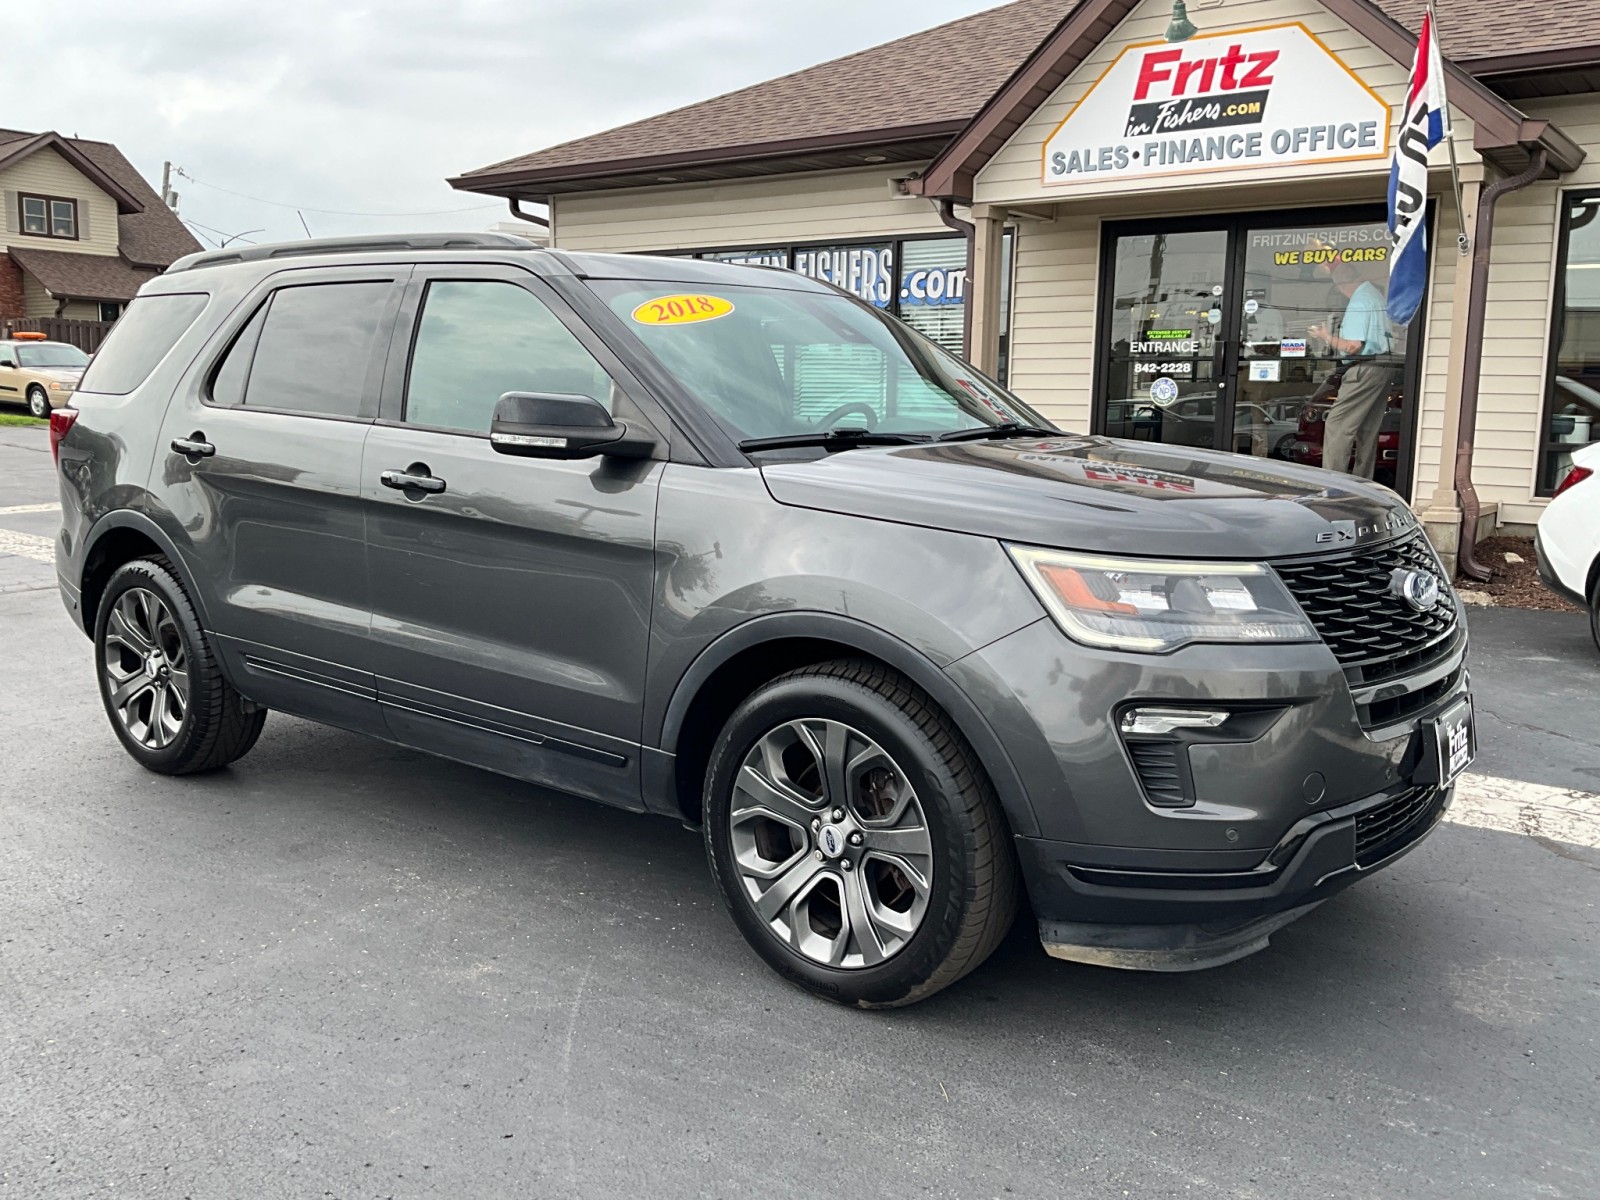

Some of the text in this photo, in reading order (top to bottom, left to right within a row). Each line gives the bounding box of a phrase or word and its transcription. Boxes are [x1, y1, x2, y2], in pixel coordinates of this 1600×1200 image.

[1133, 44, 1280, 101] Fritz
[1126, 116, 1151, 137] in
[1152, 100, 1221, 135] Fishers
[1051, 121, 1378, 175] SALES FINANCE OFFICE
[1252, 228, 1394, 247] FRITZINFISHERS.CO
[1274, 247, 1387, 265] WE BUY CARS
[650, 297, 714, 321] 2018
[1130, 341, 1199, 353] ENTRANCE
[1134, 362, 1191, 373] 842-2228
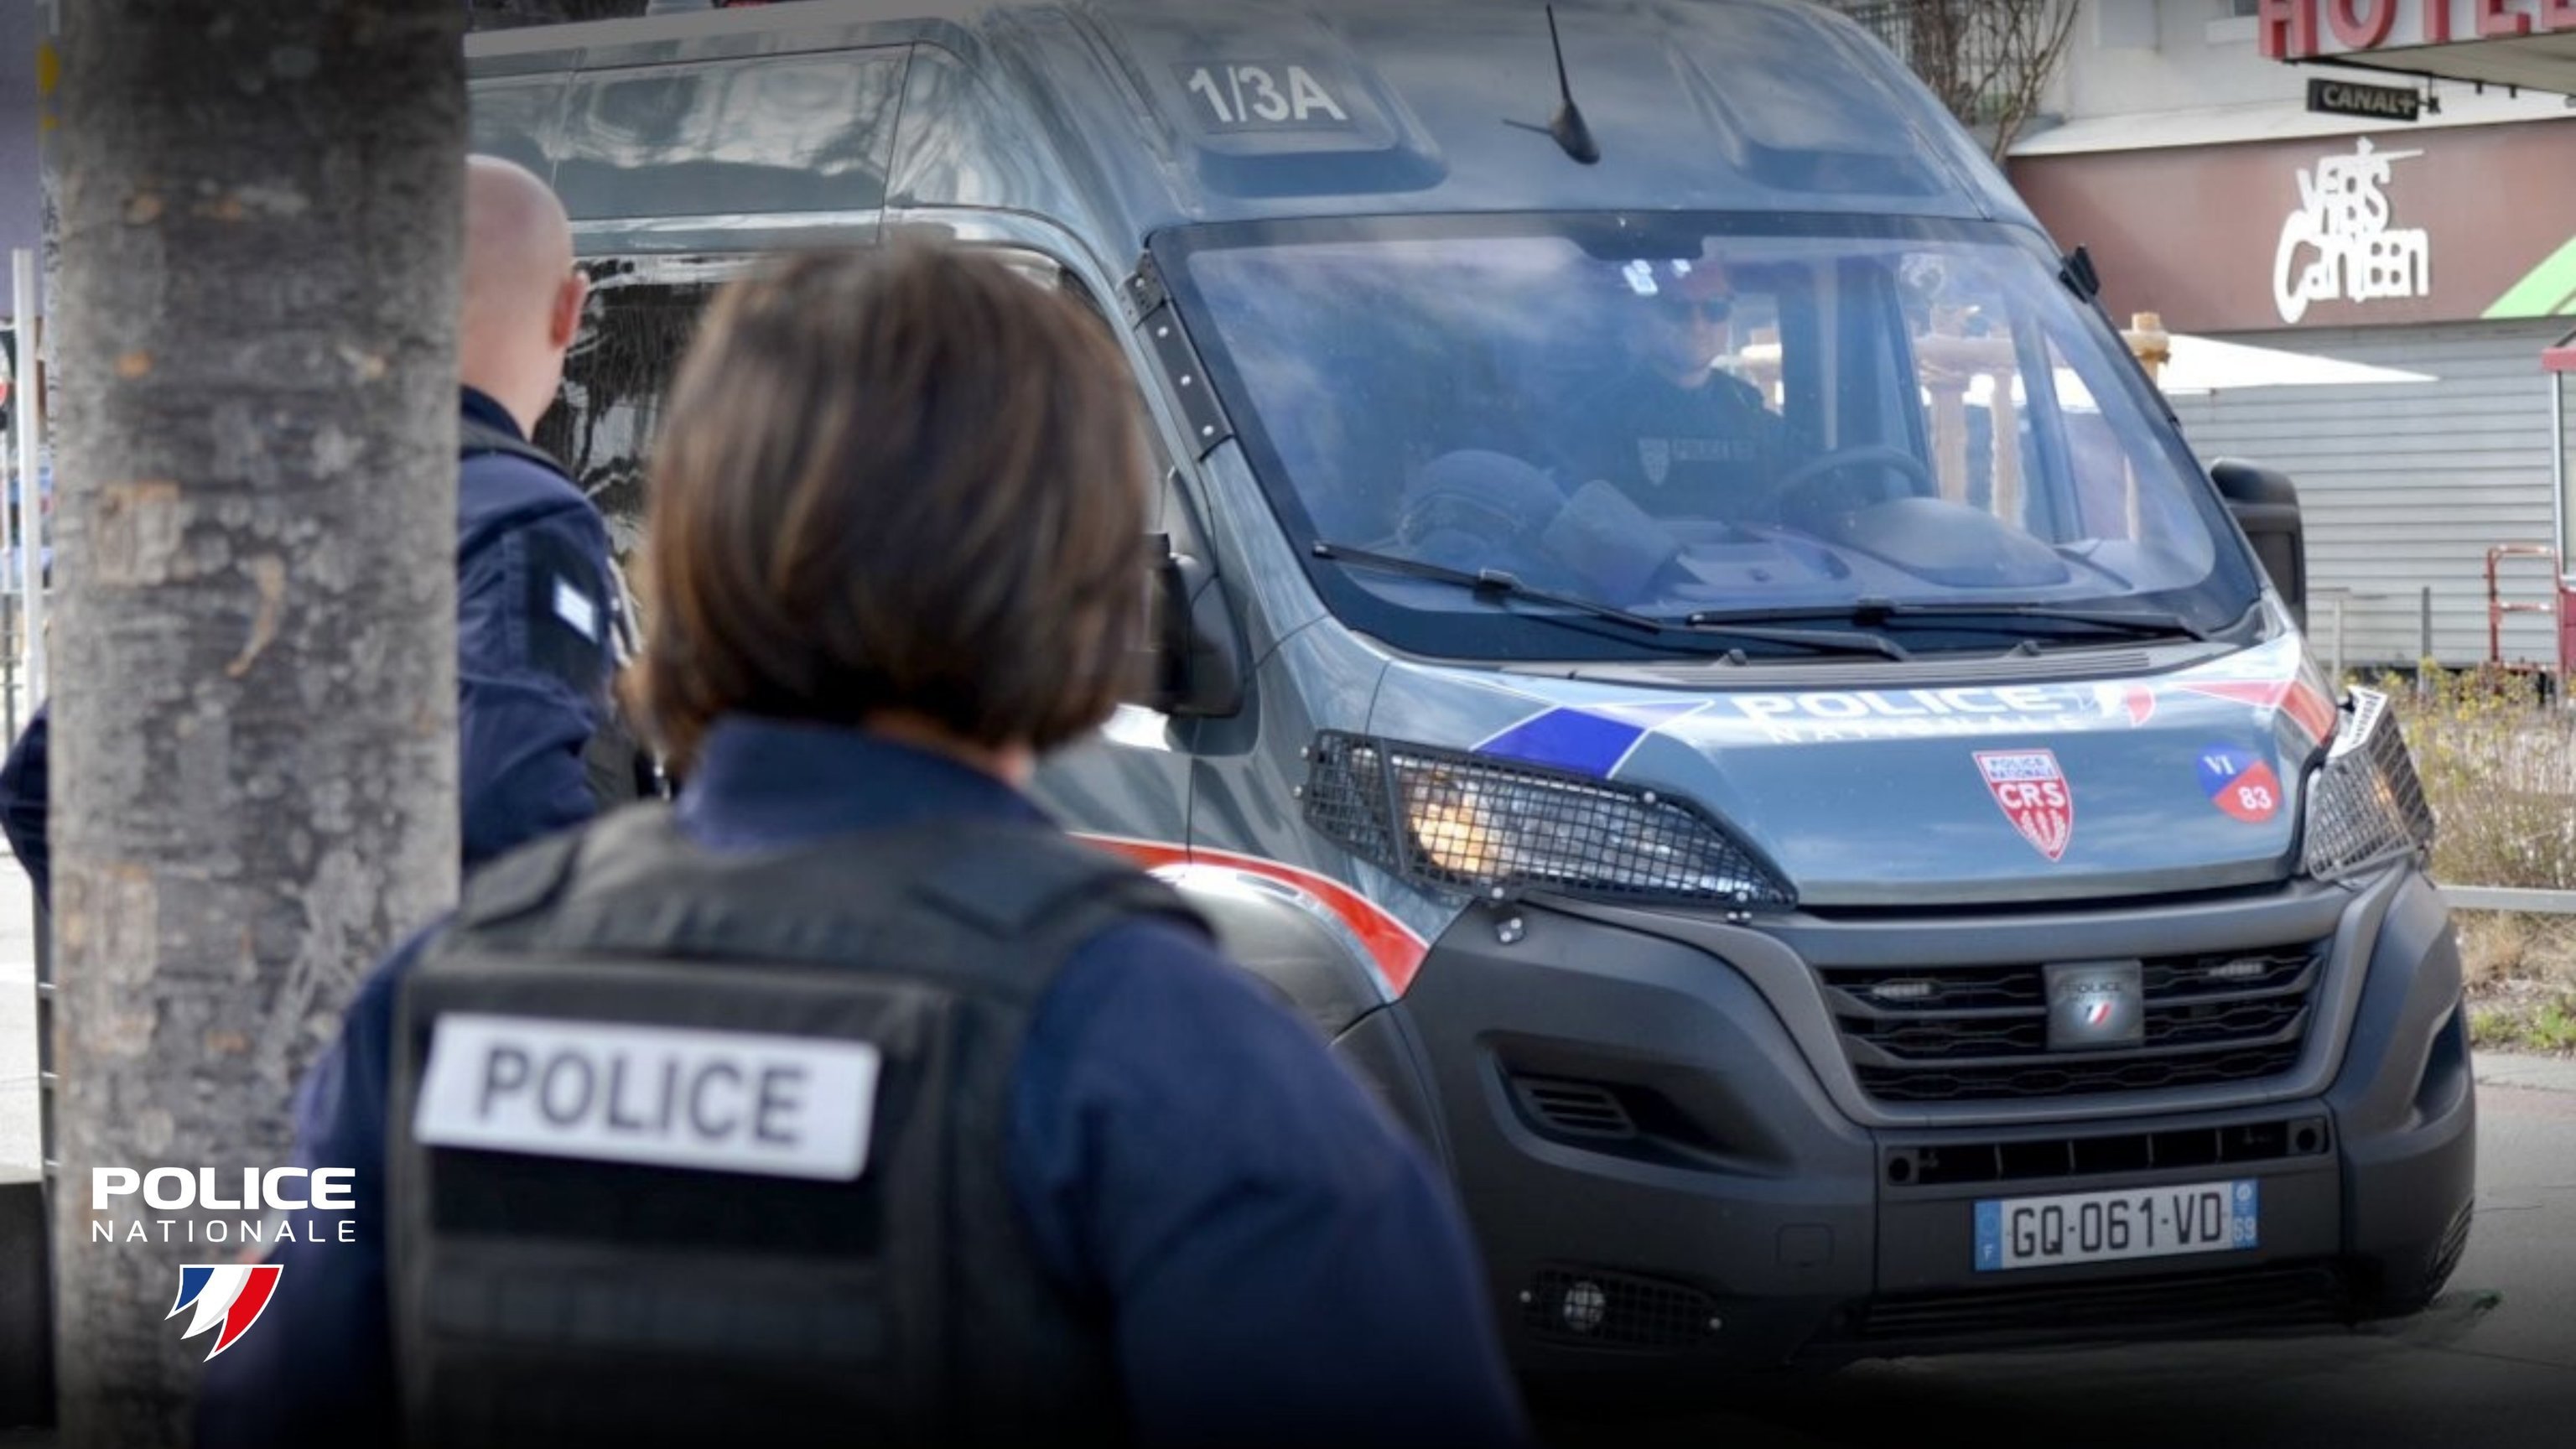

——

* What the exercise asks:
The material should be returned verbatim, with all images omitted.

* Expected output:
Some of the text in this photo, in reading order (top to bottom, left to right within a row). Each line gives the bounding box of a phrase or word and its transcription. Boxes are [x1, y1, x2, y2], in pixel coordinates of this 1600×1200 image.

[1133, 44, 1280, 101] Fritz
[1126, 116, 1151, 137] in
[1152, 100, 1221, 135] Fishers
[1051, 121, 1378, 175] SALES FINANCE OFFICE
[1252, 228, 1394, 247] FRITZINFISHERS.CO
[1274, 247, 1387, 265] WE BUY CARS
[650, 297, 714, 321] 2018
[1130, 341, 1199, 353] ENTRANCE
[1134, 362, 1191, 373] 842-2228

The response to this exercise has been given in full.